I guess I have trouble seeing the math in your conclusion, because it’s not like that, say, 5%, of sprayed winter red is mixed into the total wheat supply in a controlled distribution. I’m saying that the affected wheat would be concentrated in certain products, not necessarily broadly distributed, so you could not generalize about the effects on the broad population.

That’s not to say it’s not being used on lentils and so on! For all I know it is. But I’m going to suggest that if we want to know how much of anything is in our food we need to look at the food more than the way it was produced. ( And I still don’t know anything about other dessicants, such as Reglone. For all I know it’s “just as worse” as glyphosate.)

Say you refused to eat food that had been grown with feces before harvest … think where that line of logic could lead a person.

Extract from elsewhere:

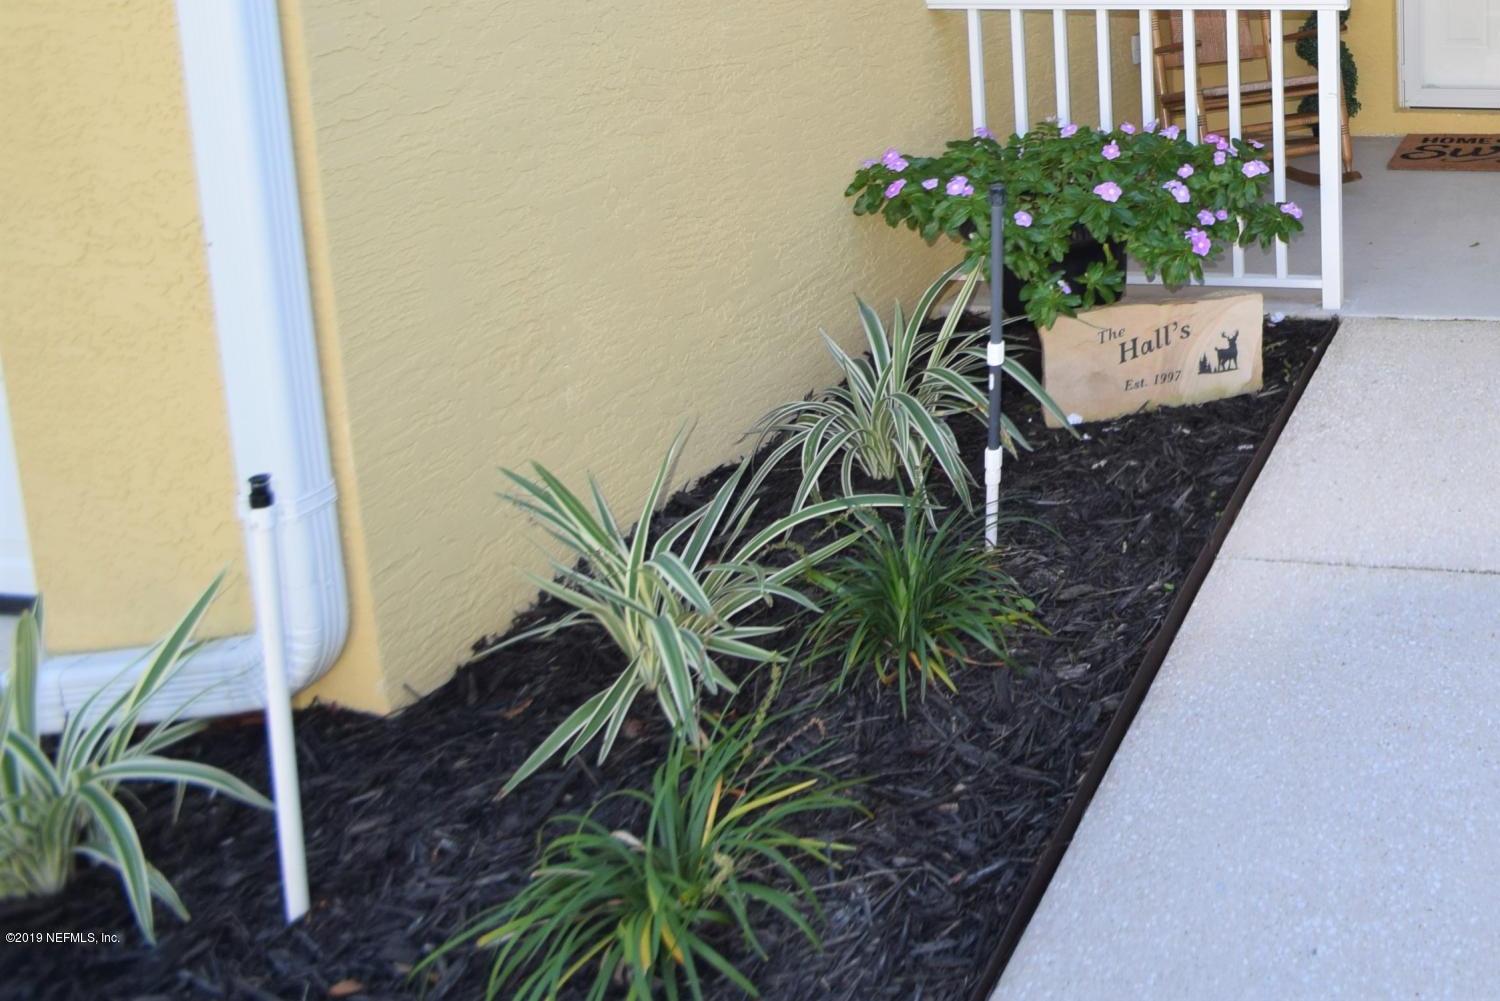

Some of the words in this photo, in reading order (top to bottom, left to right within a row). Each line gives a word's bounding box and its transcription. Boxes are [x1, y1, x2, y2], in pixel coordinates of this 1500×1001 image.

Roundup makes me nervous. (Heck, everything but ladybugs makes me nervous, and they bite.) But what I’m seeing reported about glyphosate doesn’t really inform one way or the other- what it really tells me is that a lot of people are nervous about it.

So until I see real science on the subject I’m reserving judgement -with reservations. :slight_smile:

A question specifically for those of you that say chemical residues on produce aren’t a concern: is there anything that would concern you so long as regulatory agencies said it was safe, go ahead? In other words, is your confidence in government and regulatory agencies, or is your confidence based in something else (scientific generalizations/understandings, item by item laboratory tests… something else…) that wouldn’t necessarily correspond with regulations?

Dern good question- maybe for today I’ll let my hesitation be an answer. I’ll just observe in passing that the gummit, in my opinion, is largely staffed by well-meaning people of reasonable capability who are charged with applying an evolving science in a way that follows a protocol laid down by well-meaning people who are tasked with getting along with an industry that is motivated by less than pure motives, and who would rather not upset that industry because they can usually make more money if they get a job within that industry …

… not sure I want to pretend that all adds up, but there you have it.